(EXERCISE MATERIAL begins)

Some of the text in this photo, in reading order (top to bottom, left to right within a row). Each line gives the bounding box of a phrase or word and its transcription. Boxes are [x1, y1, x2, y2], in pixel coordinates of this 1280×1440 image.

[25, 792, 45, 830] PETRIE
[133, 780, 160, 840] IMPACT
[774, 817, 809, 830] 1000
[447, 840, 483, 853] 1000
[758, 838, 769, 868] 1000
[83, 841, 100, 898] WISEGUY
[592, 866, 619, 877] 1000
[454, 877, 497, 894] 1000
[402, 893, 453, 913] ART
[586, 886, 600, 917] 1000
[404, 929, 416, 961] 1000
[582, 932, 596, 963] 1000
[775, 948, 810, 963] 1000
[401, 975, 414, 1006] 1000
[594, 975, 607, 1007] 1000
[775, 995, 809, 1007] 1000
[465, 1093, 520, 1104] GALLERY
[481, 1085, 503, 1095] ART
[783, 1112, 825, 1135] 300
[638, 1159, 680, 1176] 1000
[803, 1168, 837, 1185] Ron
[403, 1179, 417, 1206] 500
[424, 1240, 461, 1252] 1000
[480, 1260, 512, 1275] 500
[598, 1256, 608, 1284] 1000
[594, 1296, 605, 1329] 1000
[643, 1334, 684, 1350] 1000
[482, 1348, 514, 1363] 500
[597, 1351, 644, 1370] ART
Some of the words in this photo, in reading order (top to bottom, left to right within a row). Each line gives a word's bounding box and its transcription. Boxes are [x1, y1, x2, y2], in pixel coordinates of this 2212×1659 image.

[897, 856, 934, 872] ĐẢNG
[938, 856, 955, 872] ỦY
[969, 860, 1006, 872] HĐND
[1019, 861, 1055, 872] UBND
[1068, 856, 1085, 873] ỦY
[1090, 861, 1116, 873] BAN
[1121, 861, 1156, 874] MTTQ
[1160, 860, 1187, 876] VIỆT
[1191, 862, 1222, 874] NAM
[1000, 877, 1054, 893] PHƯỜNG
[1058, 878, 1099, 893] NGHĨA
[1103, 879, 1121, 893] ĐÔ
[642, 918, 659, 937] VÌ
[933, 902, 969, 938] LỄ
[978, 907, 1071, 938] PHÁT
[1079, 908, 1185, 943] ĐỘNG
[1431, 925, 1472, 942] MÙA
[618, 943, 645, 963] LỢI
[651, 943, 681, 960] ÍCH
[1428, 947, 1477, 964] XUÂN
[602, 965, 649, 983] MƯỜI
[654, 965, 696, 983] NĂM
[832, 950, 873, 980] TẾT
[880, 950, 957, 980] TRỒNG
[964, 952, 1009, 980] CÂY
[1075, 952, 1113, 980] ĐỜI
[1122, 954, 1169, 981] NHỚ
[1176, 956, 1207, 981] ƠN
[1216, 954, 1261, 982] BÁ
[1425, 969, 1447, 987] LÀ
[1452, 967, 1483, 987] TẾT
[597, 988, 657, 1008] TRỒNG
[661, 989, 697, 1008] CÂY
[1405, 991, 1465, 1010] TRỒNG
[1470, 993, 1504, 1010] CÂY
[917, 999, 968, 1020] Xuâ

(EXERCISE MATERIAL ends)

Retype the records above exactly, so that no line differs from its source.

Some of the text in this photo, in reading order (top to bottom, left to right within a row). Each line gives the bounding box of a phrase or word and its transcription. Boxes are [x1, y1, x2, y2], in pixel coordinates of this 1280×1440 image.

[25, 792, 45, 830] PETRIE
[133, 780, 160, 840] IMPACT
[774, 817, 809, 830] 1000
[447, 840, 483, 853] 1000
[758, 838, 769, 868] 1000
[83, 841, 100, 898] WISEGUY
[592, 866, 619, 877] 1000
[454, 877, 497, 894] 1000
[402, 893, 453, 913] ART
[586, 886, 600, 917] 1000
[404, 929, 416, 961] 1000
[582, 932, 596, 963] 1000
[775, 948, 810, 963] 1000
[401, 975, 414, 1006] 1000
[594, 975, 607, 1007] 1000
[775, 995, 809, 1007] 1000
[465, 1093, 520, 1104] GALLERY
[481, 1085, 503, 1095] ART
[783, 1112, 825, 1135] 300
[638, 1159, 680, 1176] 1000
[803, 1168, 837, 1185] Ron
[403, 1179, 417, 1206] 500
[424, 1240, 461, 1252] 1000
[480, 1260, 512, 1275] 500
[598, 1256, 608, 1284] 1000
[594, 1296, 605, 1329] 1000
[643, 1334, 684, 1350] 1000
[482, 1348, 514, 1363] 500
[597, 1351, 644, 1370] ART
Some of the words in this photo, in reading order (top to bottom, left to right within a row). Each line gives a word's bounding box and its transcription. Boxes are [x1, y1, x2, y2], in pixel coordinates of this 2212×1659 image.

[897, 856, 934, 872] ĐẢNG
[938, 856, 955, 872] ỦY
[969, 860, 1006, 872] HĐND
[1019, 861, 1055, 872] UBND
[1068, 856, 1085, 873] ỦY
[1090, 861, 1116, 873] BAN
[1121, 861, 1156, 874] MTTQ
[1160, 860, 1187, 876] VIỆT
[1191, 862, 1222, 874] NAM
[1000, 877, 1054, 893] PHƯỜNG
[1058, 878, 1099, 893] NGHĨA
[1103, 879, 1121, 893] ĐÔ
[642, 918, 659, 937] VÌ
[933, 902, 969, 938] LỄ
[978, 907, 1071, 938] PHÁT
[1079, 908, 1185, 943] ĐỘNG
[1431, 925, 1472, 942] MÙA
[618, 943, 645, 963] LỢI
[651, 943, 681, 960] ÍCH
[1428, 947, 1477, 964] XUÂN
[602, 965, 649, 983] MƯỜI
[654, 965, 696, 983] NĂM
[832, 950, 873, 980] TẾT
[880, 950, 957, 980] TRỒNG
[964, 952, 1009, 980] CÂY
[1075, 952, 1113, 980] ĐỜI
[1122, 954, 1169, 981] NHỚ
[1176, 956, 1207, 981] ƠN
[1216, 954, 1261, 982] BÁ
[1425, 969, 1447, 987] LÀ
[1452, 967, 1483, 987] TẾT
[597, 988, 657, 1008] TRỒNG
[661, 989, 697, 1008] CÂY
[1405, 991, 1465, 1010] TRỒNG
[1470, 993, 1504, 1010] CÂY
[917, 999, 968, 1020] Xuâ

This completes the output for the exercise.